DiskLruCache 是一个得到官方推荐的第三方缓存工具, 它将数据缓存到了文件系统即磁盘中, 一般会用于缓存图片/视频等比较大的文件等.
DiskLruCache 在OkHttp/Glide等库里均有使用, 但是不推荐直接依赖其他库, 可以去Oracle官方下载, 或者使用JakeWharton在github的开源库: https://github.com/JakeWharton/DiskLruCache
下面翻译下官方注释, 对其特性有个大体了解.
A cache that uses a bounded amount of space on a filesystem. Each cache
entry has a string key and a fixed number of values. Each key must match
the regex [a-z0-9_-]{1,120}. Values are byte sequences,
accessible as streams or files. Each value must be between {@code 0} and
{@code Integer.MAX_VALUE} bytes in length.
一种在文件系统中使用的有界缓存。每个缓存条目都有一个字符串键和固定数量的值(注: 一般设
为1即可)。每个键(也就是每个未编码前的文件名)必须匹配正则表达式[a-z0-9_-]{1,120}。值
是字节序列,可作为流或文件访问, 其长度必须在0与Integer.MAX_VALUE字节之间。
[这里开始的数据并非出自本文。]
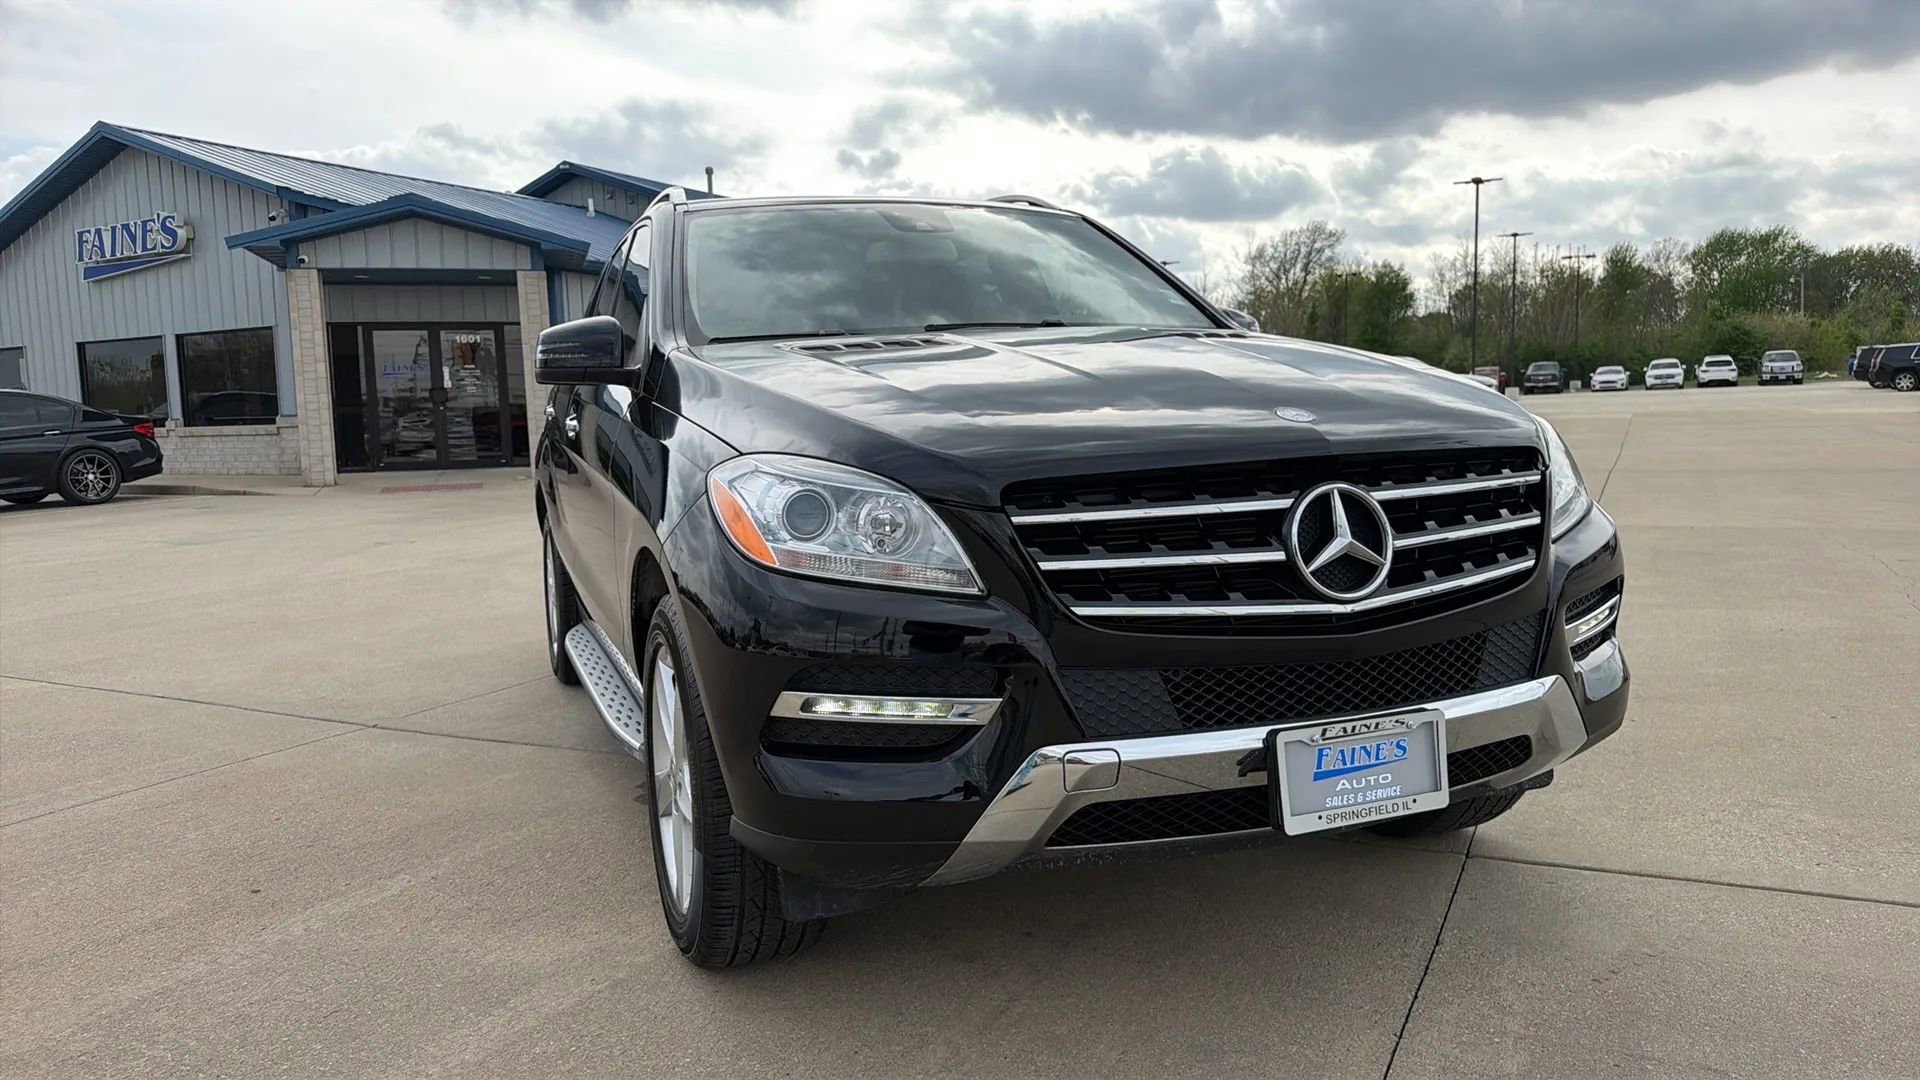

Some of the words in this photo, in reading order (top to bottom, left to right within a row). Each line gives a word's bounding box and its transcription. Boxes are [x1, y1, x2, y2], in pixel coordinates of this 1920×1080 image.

[76, 212, 179, 263] FAINE'S
[456, 335, 480, 343] 1601
[1320, 717, 1406, 737] FAINE'S
[1315, 738, 1408, 771] FAINE'S
[1336, 773, 1392, 791] AUTO
[1325, 792, 1355, 807] SALES
[1366, 785, 1402, 801] SERVICE
[1326, 802, 1399, 825] SPRINGFIELD
[1402, 801, 1412, 811] IL
The cache stores its data in a directory on the filesystem. This
directory must be exclusive to the cache; the cache may delete or overwrite
files from its directory. It is an error for multiple processes to use the
same cache directory at the same time.
缓存将其数据存储在文件系统的目录中。该目录必须是缓存专用的, 缓存可以从其目录中删除或覆盖文件。
多个进程同时使用相同的缓存目录将会产生错误。
This cache limits the number of bytes that it will store on the
filesystem. When the number of stored bytes exceeds the limit, the cache will
remove entries in the background until the limit is satisfied. The limit is
not strict: the cache may temporarily exceed it while waiting for files to be
deleted. The limit does not include filesystem overhead or the cache
journal so space-sensitive applications should set a conservative limit.
此缓存限制了它将存储在文件系统上的字节数。当存储字节数超过限制时,缓存将删除后台中的条目,
直到满足限制为止。这个限制是不严格的:在等待文件被删除的过程中,缓存大小有可能暂时超限。
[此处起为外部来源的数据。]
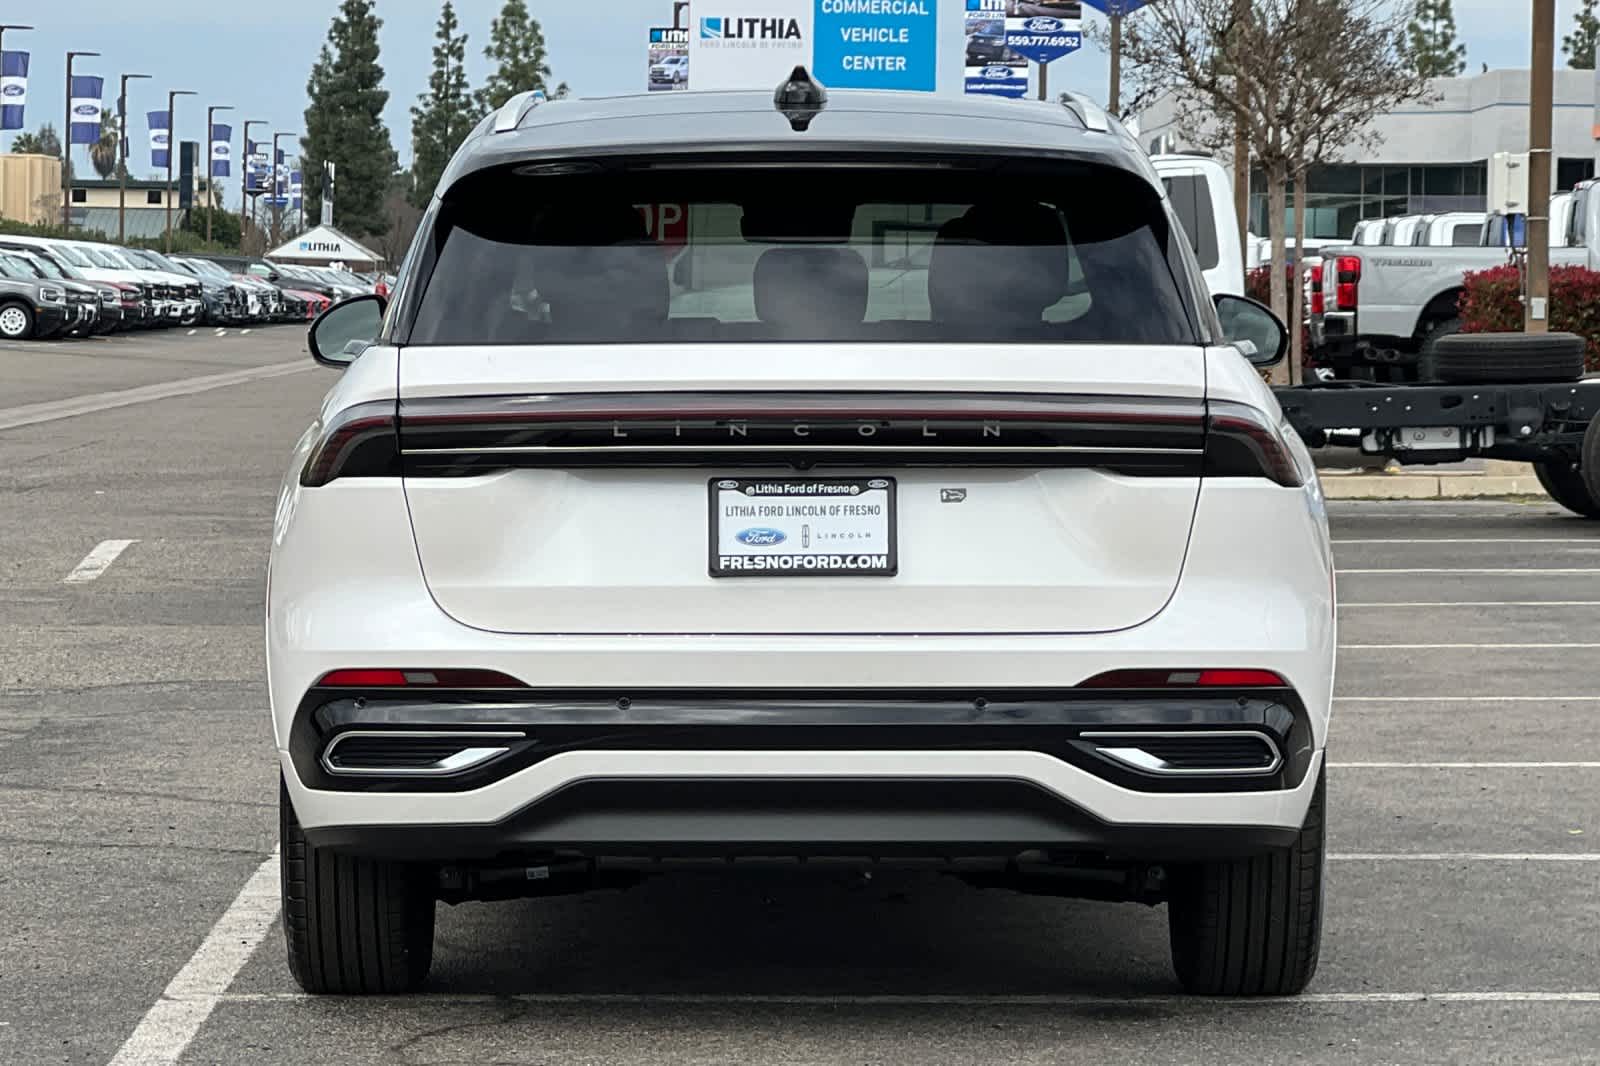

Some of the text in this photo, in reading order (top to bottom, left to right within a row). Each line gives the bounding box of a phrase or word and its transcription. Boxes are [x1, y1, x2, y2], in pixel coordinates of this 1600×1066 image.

[821, 0, 929, 15] COMMERCIAL
[723, 17, 802, 39] LITHIA
[840, 27, 909, 43] VEHICLE
[1007, 35, 1079, 47] 559.777.6952
[842, 55, 907, 71] CENTER
[308, 243, 341, 252] LITHIA
[613, 424, 1001, 438] LINCOLN
[756, 484, 850, 494] Lithia Ford of Fresno
[725, 504, 881, 517] LITHIA FORD LINCOLN OF FRESNO
[719, 555, 888, 570] FRESNOFORD.COM
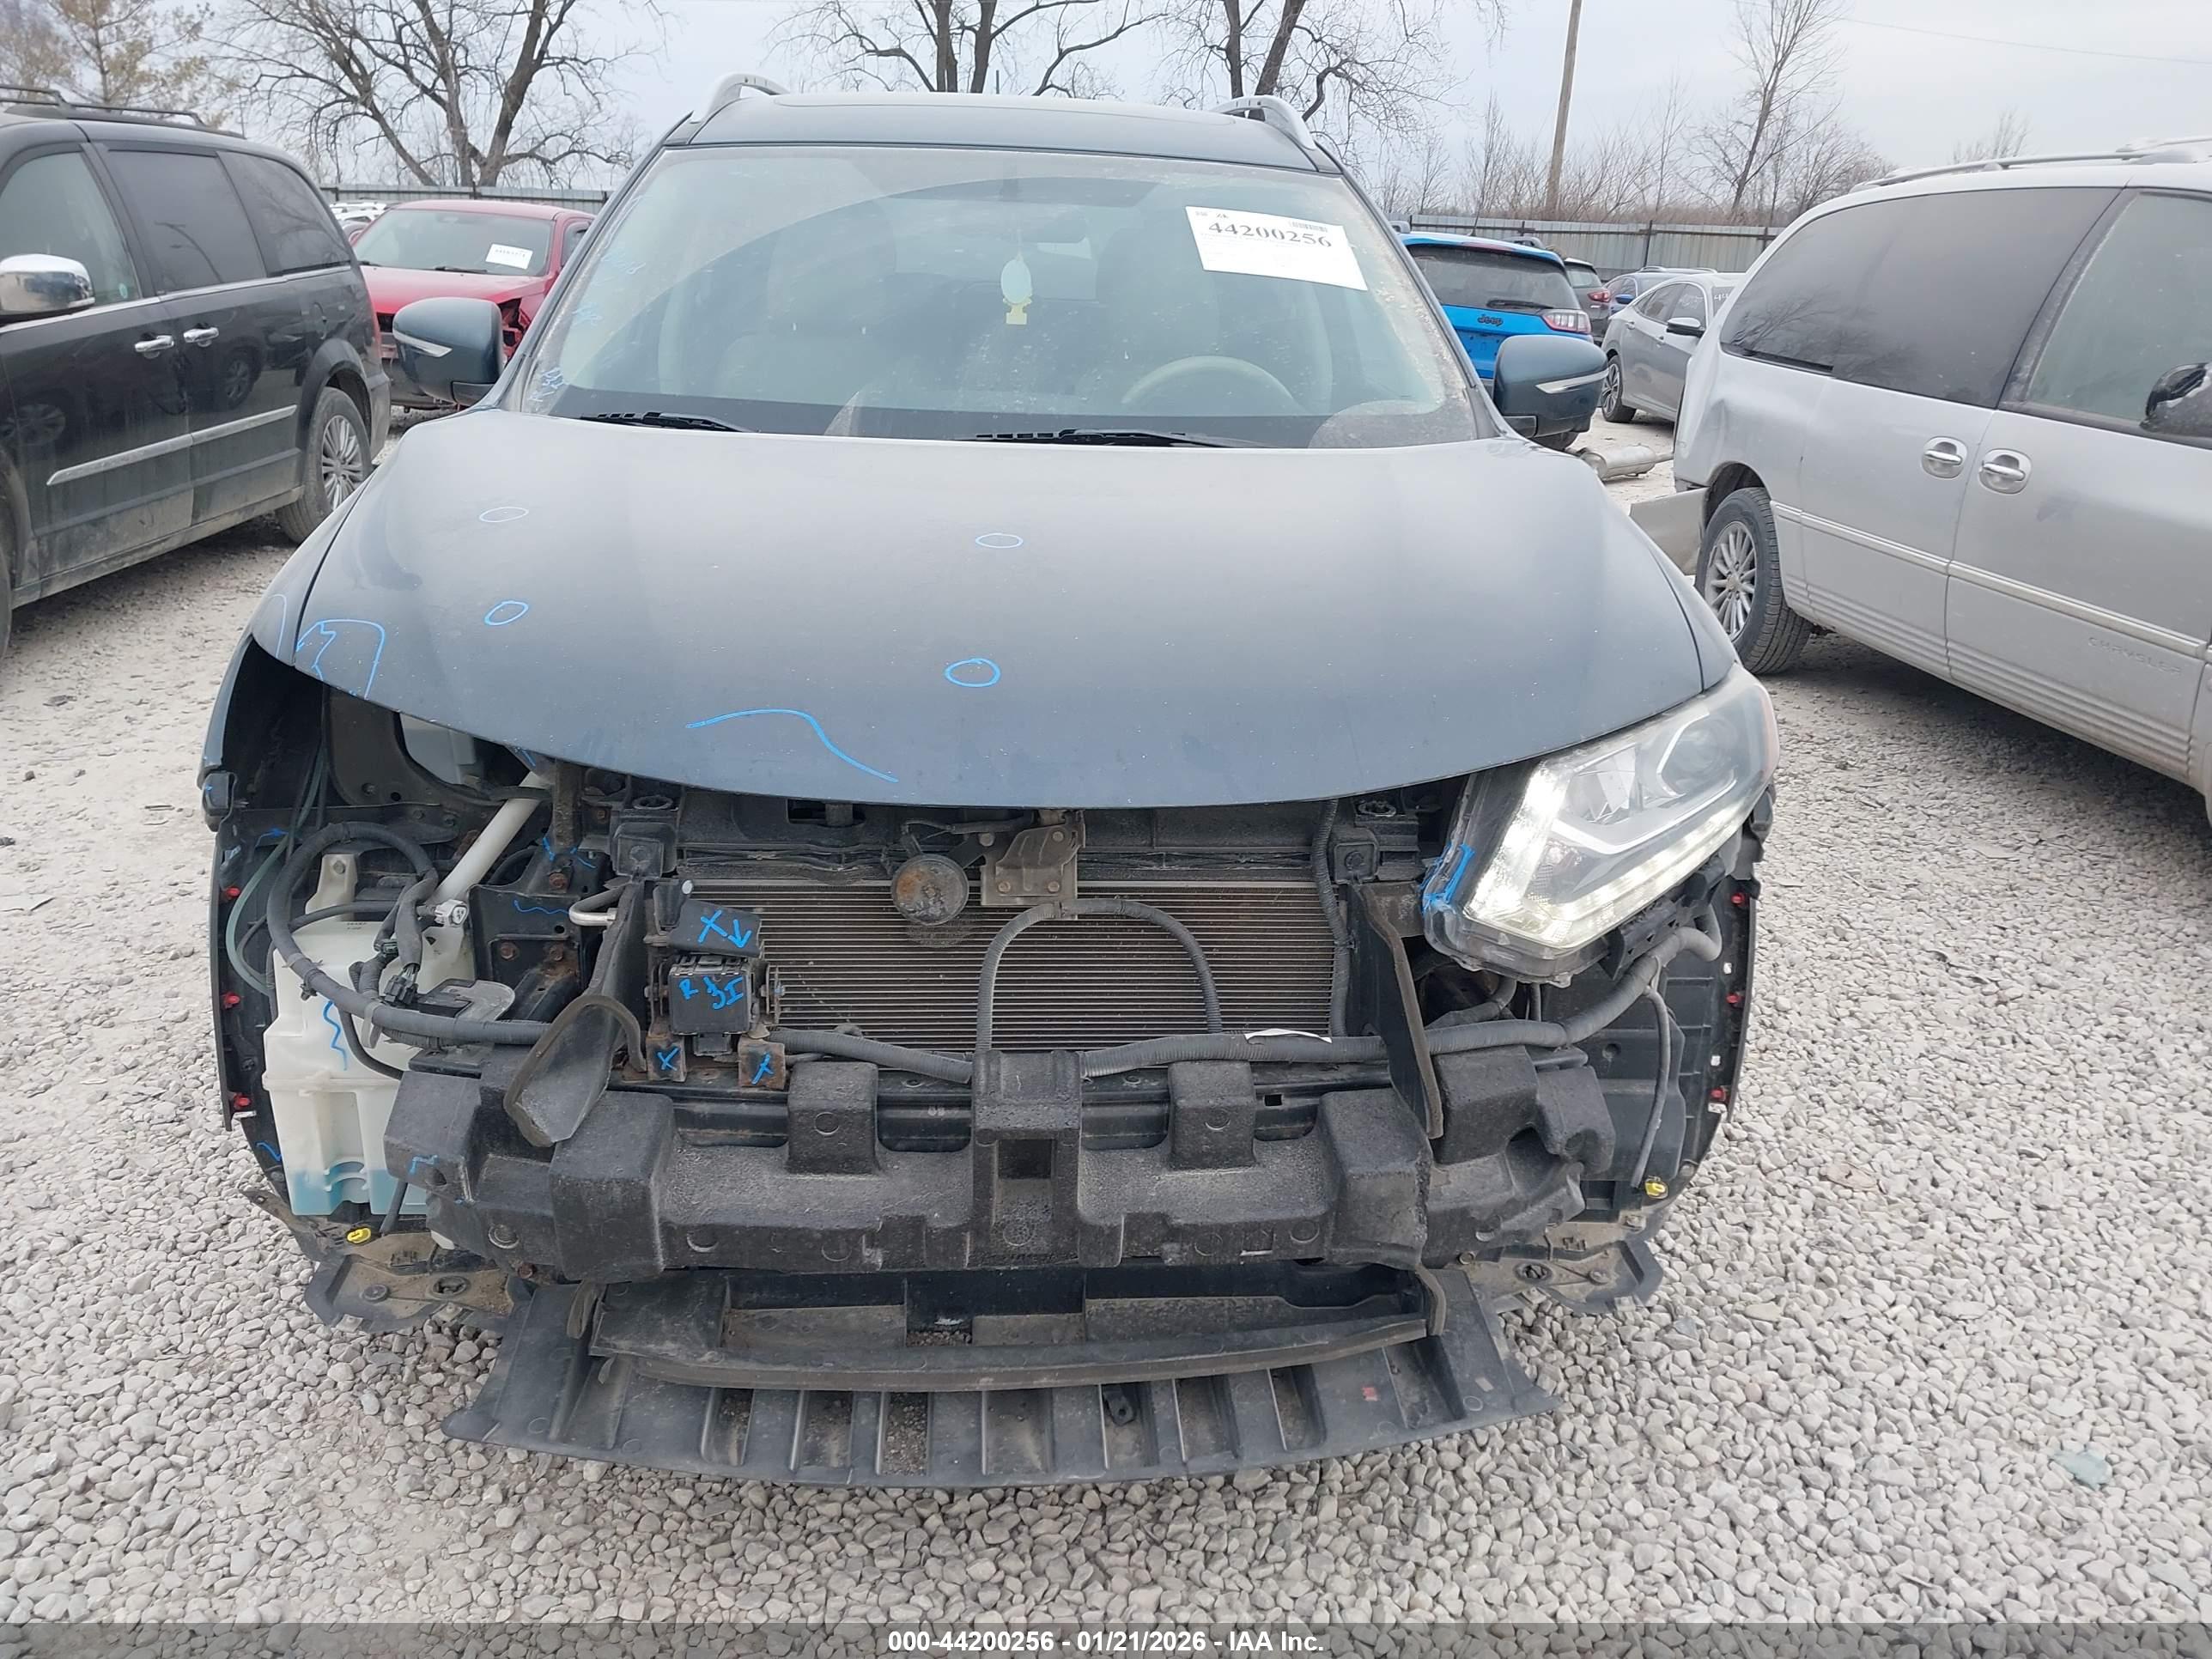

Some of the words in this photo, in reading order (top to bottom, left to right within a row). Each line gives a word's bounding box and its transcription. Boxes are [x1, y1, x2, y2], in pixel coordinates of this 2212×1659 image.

[1208, 222, 1332, 247] 44200256
[1477, 313, 1504, 327] Jeep
[2088, 637, 2181, 674] CHRYSLER
该限制不包括文件系统的开销或缓存日志,因此对空间要求比较严格的应用程序应该设置一个保守限制。
Clients call {@link #edit} to create or update the values of an entry. An
entry may have only one editor at one time; if a value is not available to be
edited then {@link #edit} will return null.
客户端调用edit来创建或更新条目的值。一个条目同一时间只能有一个editor, 如果某值不能被编辑
的话,edit方法将返回null。
When an entry is being created it is necessary to
supply a full set of values; the empty value should be used as a
placeholder if necessary.
当一个条目被创建时,要设置一组完整的值;如果需要的的话, 可以使用空值作为占位符。
When an entry is being edited, it is not necessary
to supply data for every value; values default to their previous
value.
当条目正在被编辑时,不必为每一个值提供数据, 这些value默认为其以前的值。
Every {@link #edit} call must be matched by a call to {@link Editor#commit}
or {@link Editor#abort}. Committing is atomic: a read observes the full set
of values as they were before or after the commit, but never a mix of values.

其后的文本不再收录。